Na leitura, acompanhamos as notas de um diário. O narrador, sem nome declarado, é um rapaz solitário, acossado por pressões sociais e tensões no ambiente de trabalho e no espaço que deveria ser o conforto do lar, mas que na verdade, é uma ambientação claustrofóbica e hostil. Ele vive com a sua mãe, uma senhora bastante idosa, dependente, irritante e debilitada, alguém que impede o já antissocial personagem em sua trajetória de vida. Preso ao passado, representado adequadamente pelas descrições do narrador, excelente material para os diretores de arte das versões fílmicas pesquisarem, observamos a cada capítulo, a sensação de se habitar um mundo e se sentir deslocado, impactado por forças externas que sufocam e angustiam.
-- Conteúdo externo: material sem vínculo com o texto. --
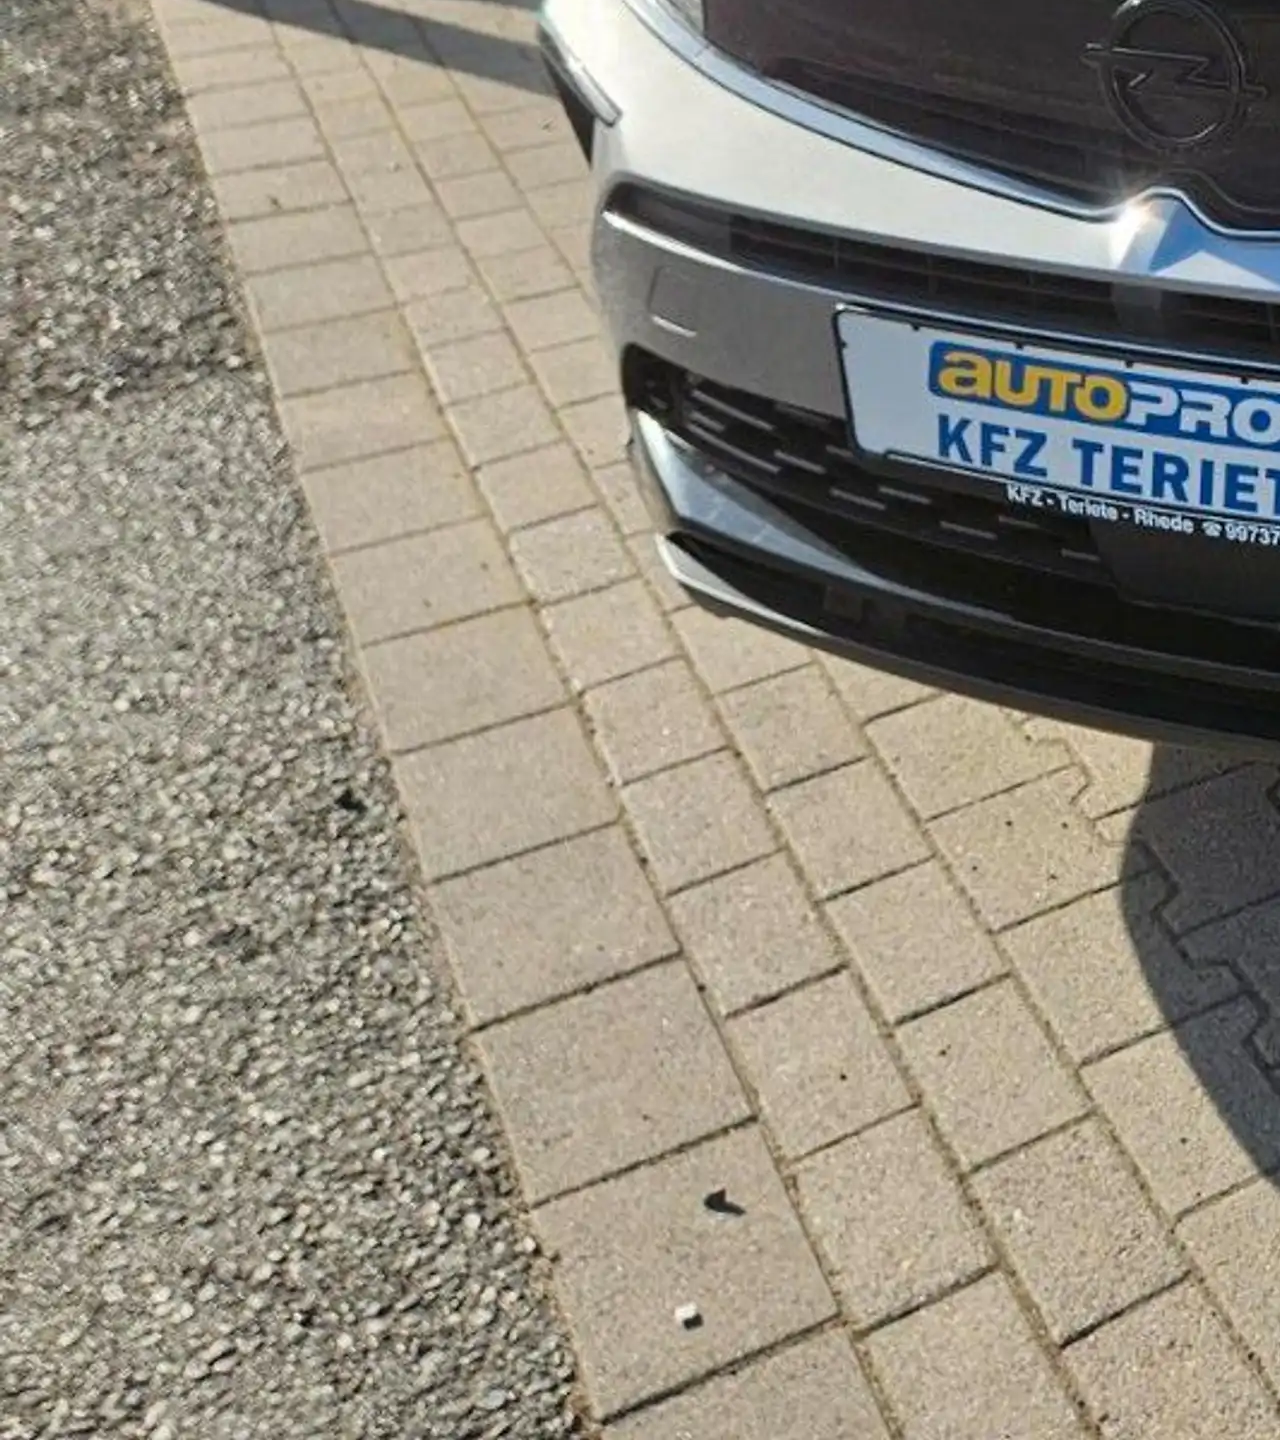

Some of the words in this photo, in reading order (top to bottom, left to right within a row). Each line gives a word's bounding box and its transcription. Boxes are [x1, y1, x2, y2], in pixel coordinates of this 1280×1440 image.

Assim é a vida do protagonista em Vingança Diabólica, um jovem homem que possui uma série de restrições para vida plena em sociedade, tendo ainda que lidar com a agressividade de seu chefe.

Certo dia, a sua mãe começa a perseguir o filho, apontando que o jardim está um lixo, tal como a casa, cheia de problemas e ainda tensa por causa da presença de ratos que ela não vê, mas consegue ouvir. Com a incumbência de eliminar os roedores, criaturas que nós, na vida real, também detestamos e consideramos pragas, o narrador se afeiçoa pelos bichos e se torna próximo de Sócrates, um amigo improvável. Do contato com o primeiro chegam outros ratos. O solitário rapaz se torna alguém incluso numa “comunidade imaginada”, tornando-se um criminoso ao ter que cometer pequenos delitos para conseguir alimentar tamanha horda de roedores. Com o avanço da narrativa, outras situações peculiares começam a se estabelecer. Os planos de vingança que estavam adormecidos nos confins psicológicos do personagem despertam como um monstro.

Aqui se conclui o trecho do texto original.